The electric carmaker’s shares plunged nearly 10 percent Wednesday after reporting that fourth-quarter vehicle deliveries fell short of Wall Street analysts’ forecasts. Tesla said that for the quarter, it delivered 90,700 cars, including 63,150 Model 3 vehicles.

While those delivery figures both grew over what Tesla reported for its third quarter, the results disappointed investors who were banking on the company selling even more cars during the holiday shopping season at the end of the year.

Analysts surveyed by FactSet had forecast Tesla to deliver 92,000 total vehicles during the quarter; Model 3 deliveries were pegged at 64,900 cars.

“Tesla has always been a company living on the edge financially, and it’s done a good job maneuvering the tightrope so far,” said Clement Thibault, senior analyst at “But any additional pressure on its profit and cash flow could create real problems for the company.”

Additionally, Tesla also cut the price of its Model 3, Model S and Model X cars by $2,000 “to partially absorb the reduction of the federal EV (electric vehicle) tax credit” that dropped from $7,500 to $3,750 on Jan. 1. That credit will drop again by 50 percent, to $1,875 six months from now.

Ben Kallo, an analyst with Baird, said that Tesla’s price cut is likely to increase concerns about demand levels for the company’s cars. However, Kallo countered that thesis by saying the move is more likely designed to expand the addressable market for Tesla’s cars, which still commonly come with a price tag of more than $55,000.

“Demand concerns are overblown,” he said. “We think the company has several levers to drive additional Model 3 sales, including shipping to international markets, (which is) expected in February, and introduction of leasing options (and) lower cost variants.”

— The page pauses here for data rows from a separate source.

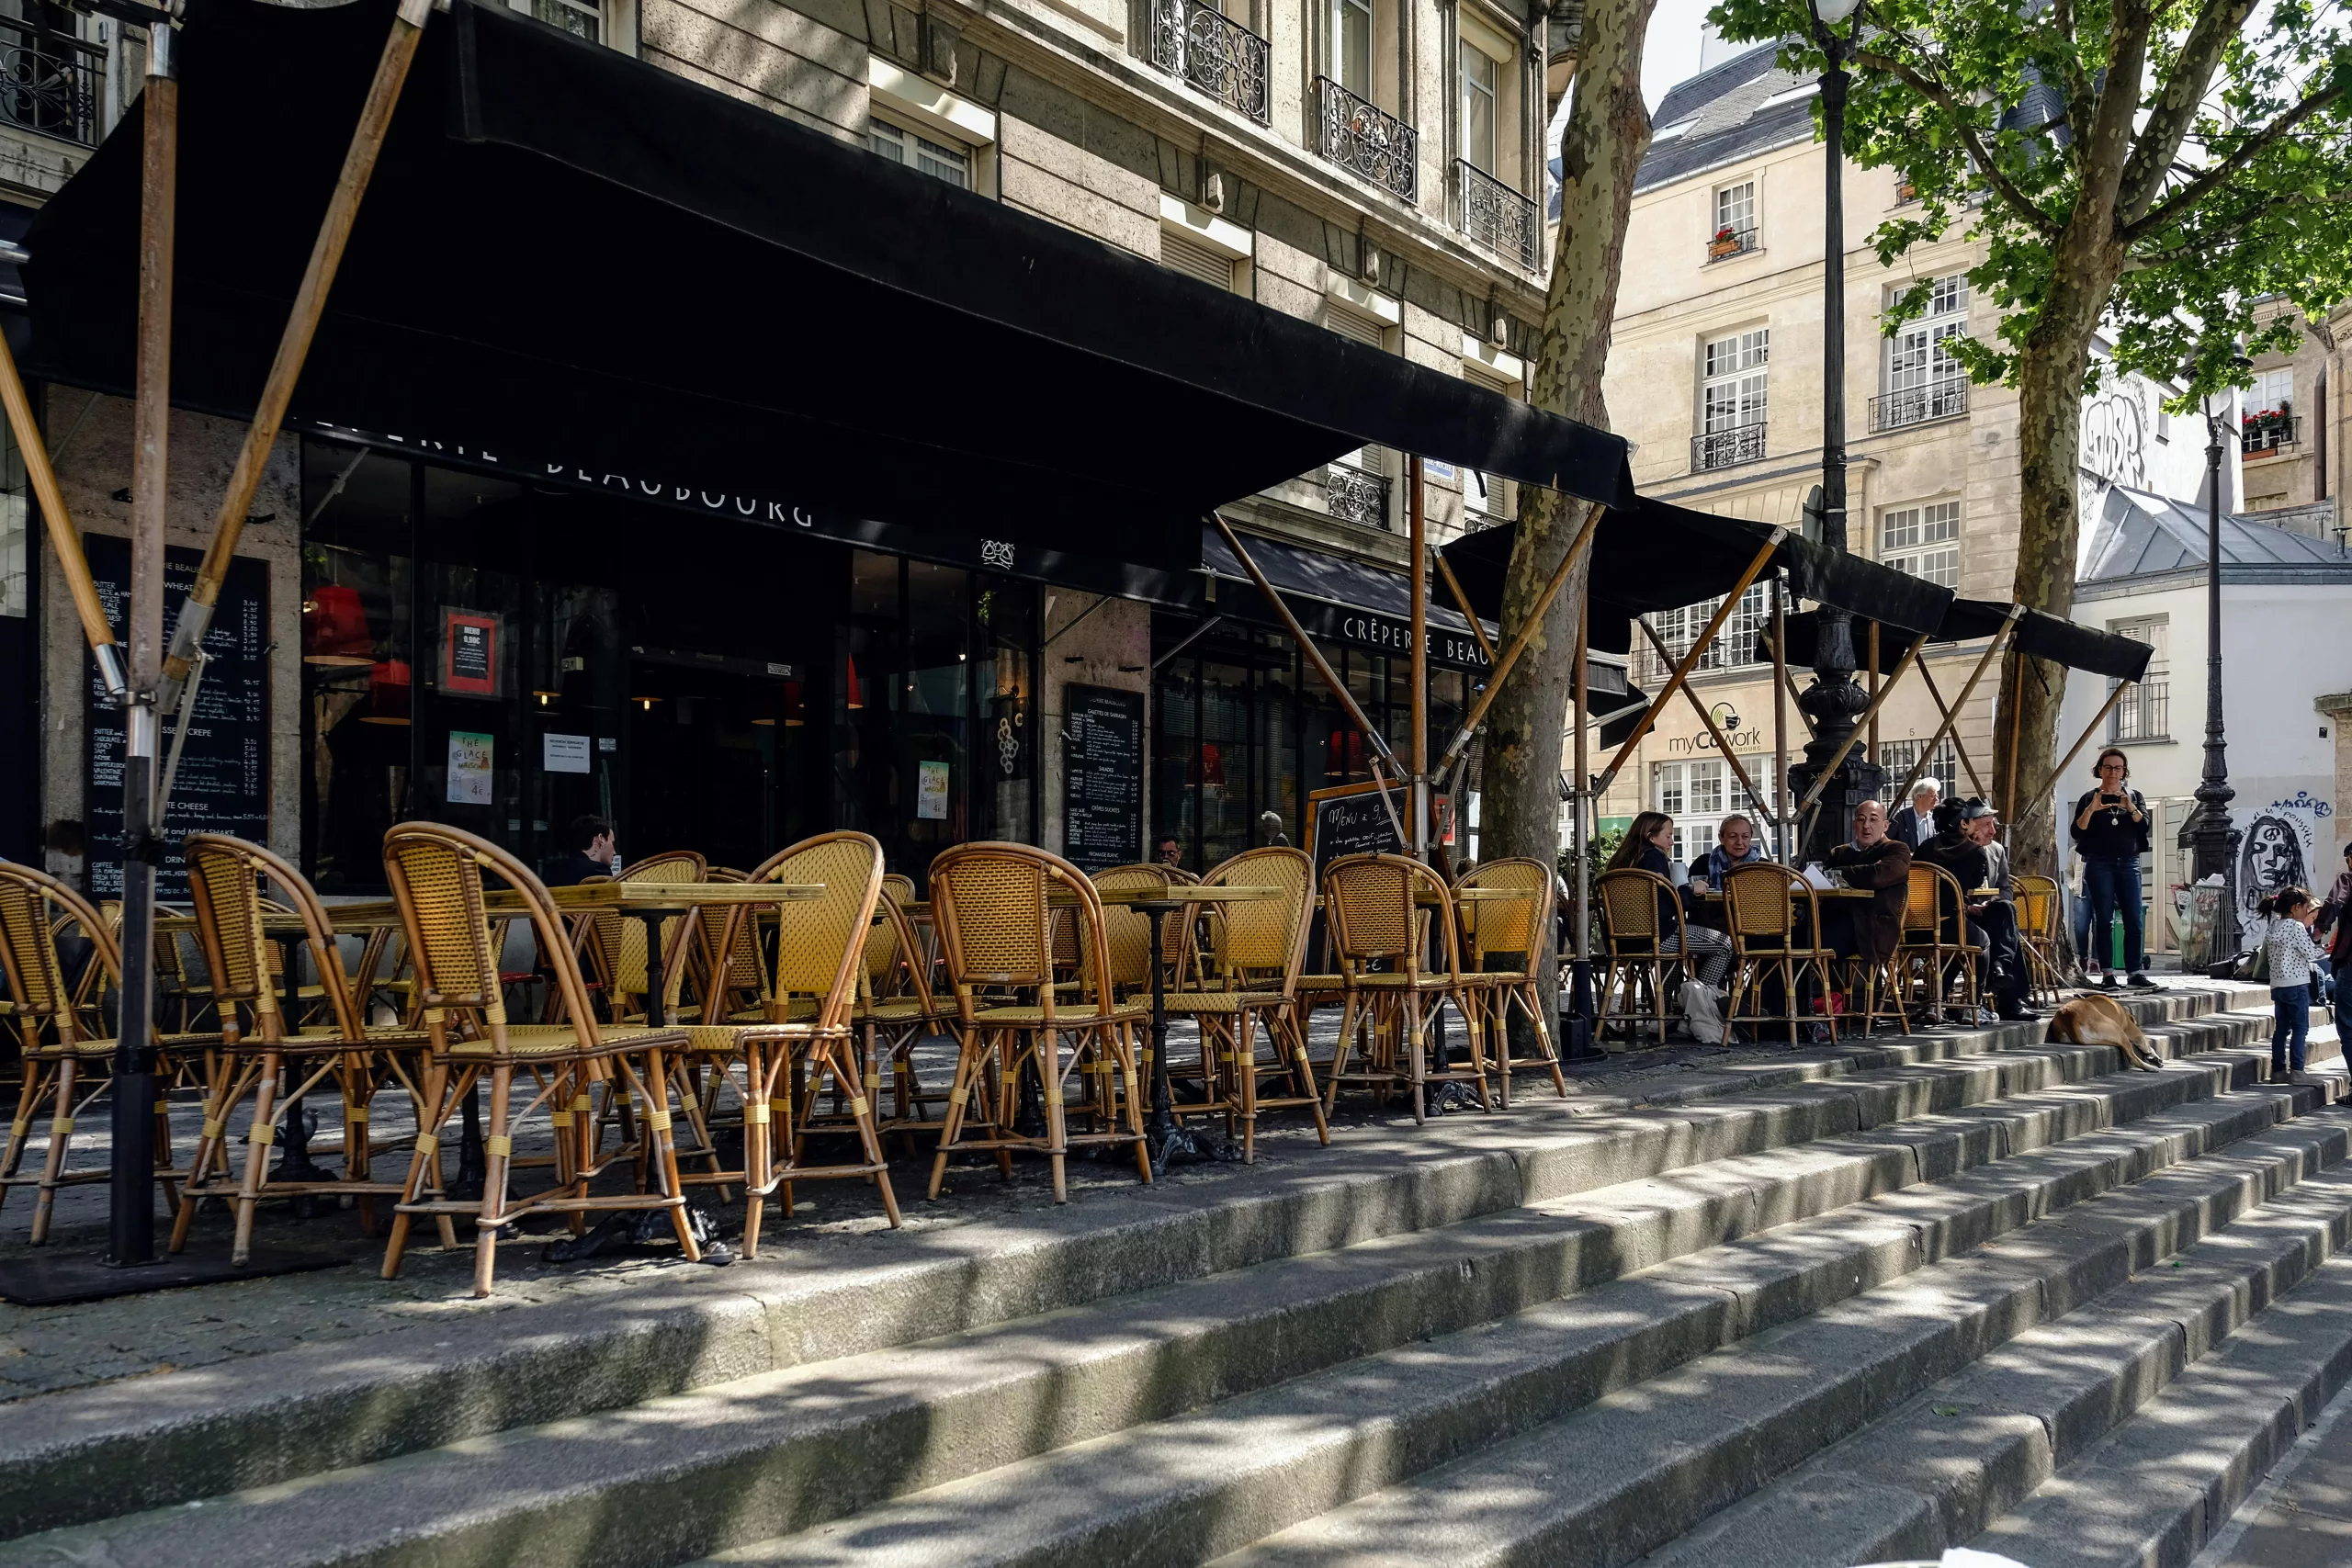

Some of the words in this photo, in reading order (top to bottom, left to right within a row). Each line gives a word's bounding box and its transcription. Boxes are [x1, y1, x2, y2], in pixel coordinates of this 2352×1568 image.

[164, 581, 193, 592] WHEAT
[1344, 618, 1431, 653] CRÊPERE
[187, 728, 212, 737] CREPE
[1909, 728, 1915, 737] 5
[177, 802, 209, 810] CHEESE
[1329, 807, 1357, 832] MENU
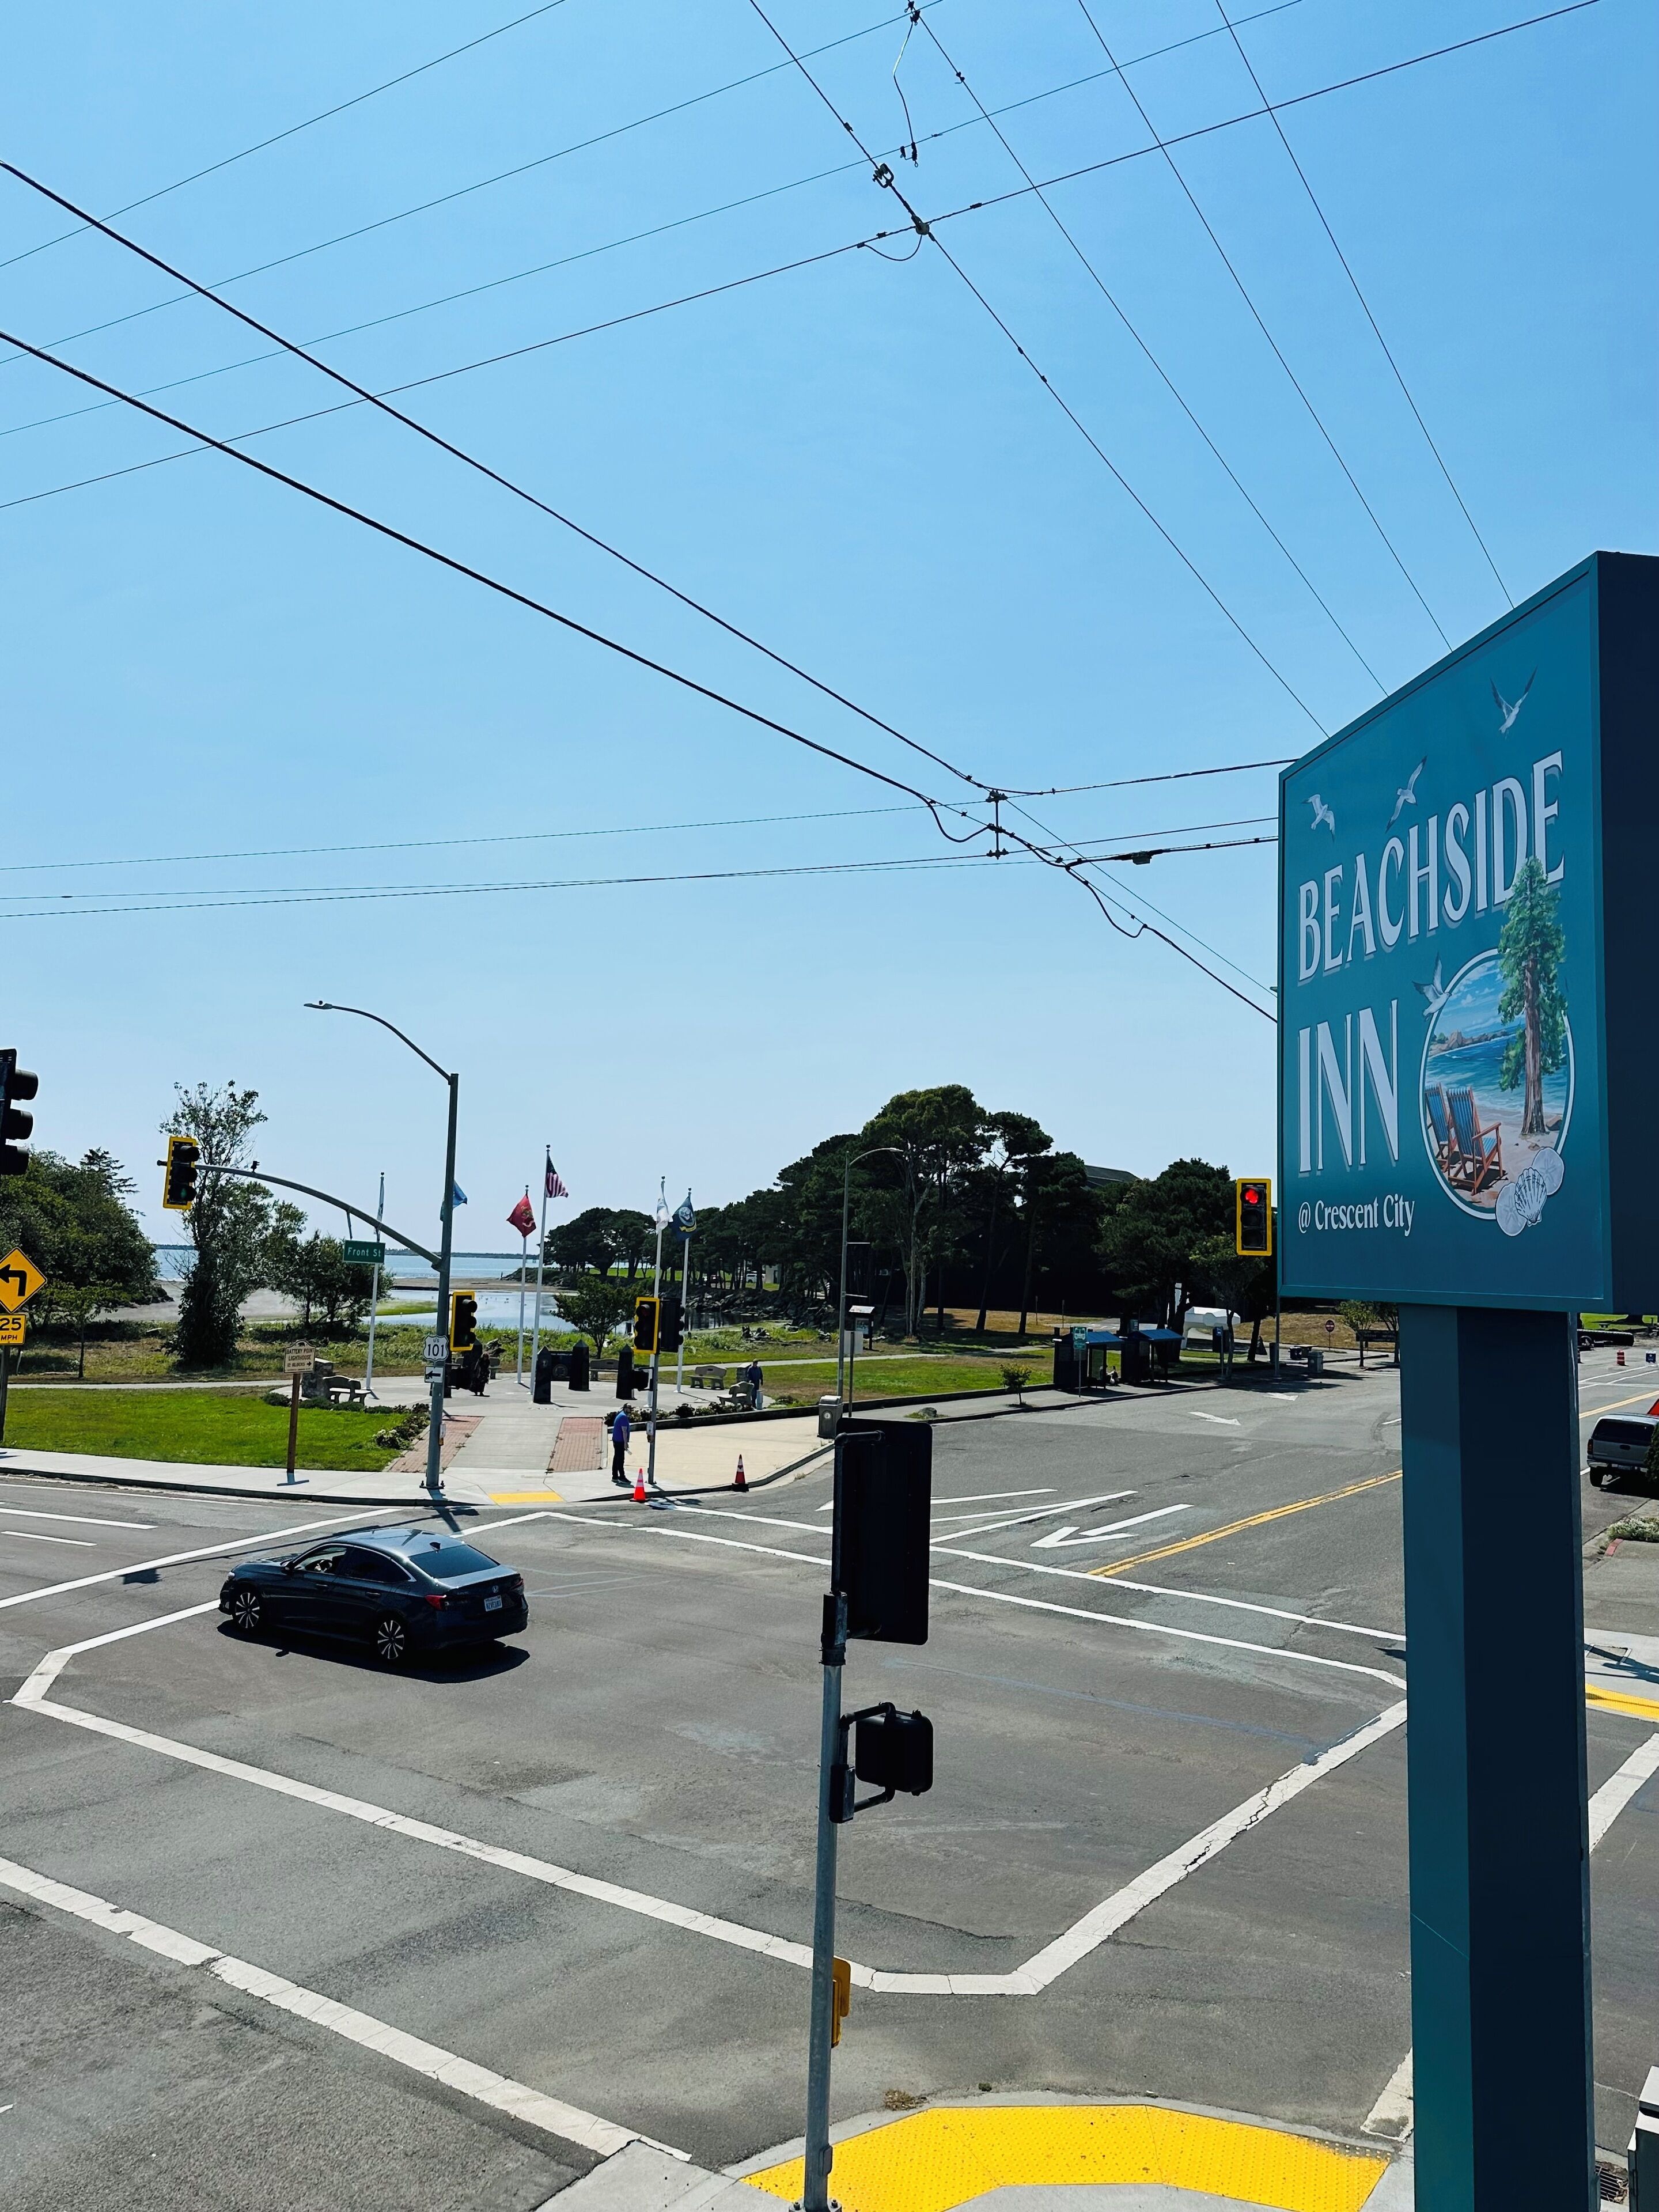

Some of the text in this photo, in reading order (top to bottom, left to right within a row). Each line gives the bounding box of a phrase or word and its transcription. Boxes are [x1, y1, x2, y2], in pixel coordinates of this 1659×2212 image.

[1298, 750, 1565, 984] BEACHSIDE
[1298, 999, 1399, 1175] INN
[1299, 1194, 1415, 1237] @ Crescent City
[348, 1247, 381, 1257] Front St
[0, 1318, 21, 1331] 25
[428, 1344, 444, 1357] 101

Tesla said it delivered a total of 245,240 vehicles in 2018, which the company said was almost as many cars as it delivered in all previous years combined.

Gene Munster, managing partner at Loup Ventures, said that despite what appeared to be a setback for Tesla on Wednesday, the company’s greater business opportunities remain intact.

“These developments are psychological setbacks for investors looking to gain confidence in Tesla production and underlying demand,” Munster said. “But the news does not fundamentally change the company’s long-term opportunity related to EV, renewable energy, autonomy, and ride-sharing.”

Tesla shares recovered some of their initial losses, but they still remained down by 8.5 percent, to trade at $304.60 early Wednesday. For all of 2018, Tesla shares rose by almost 7 percent.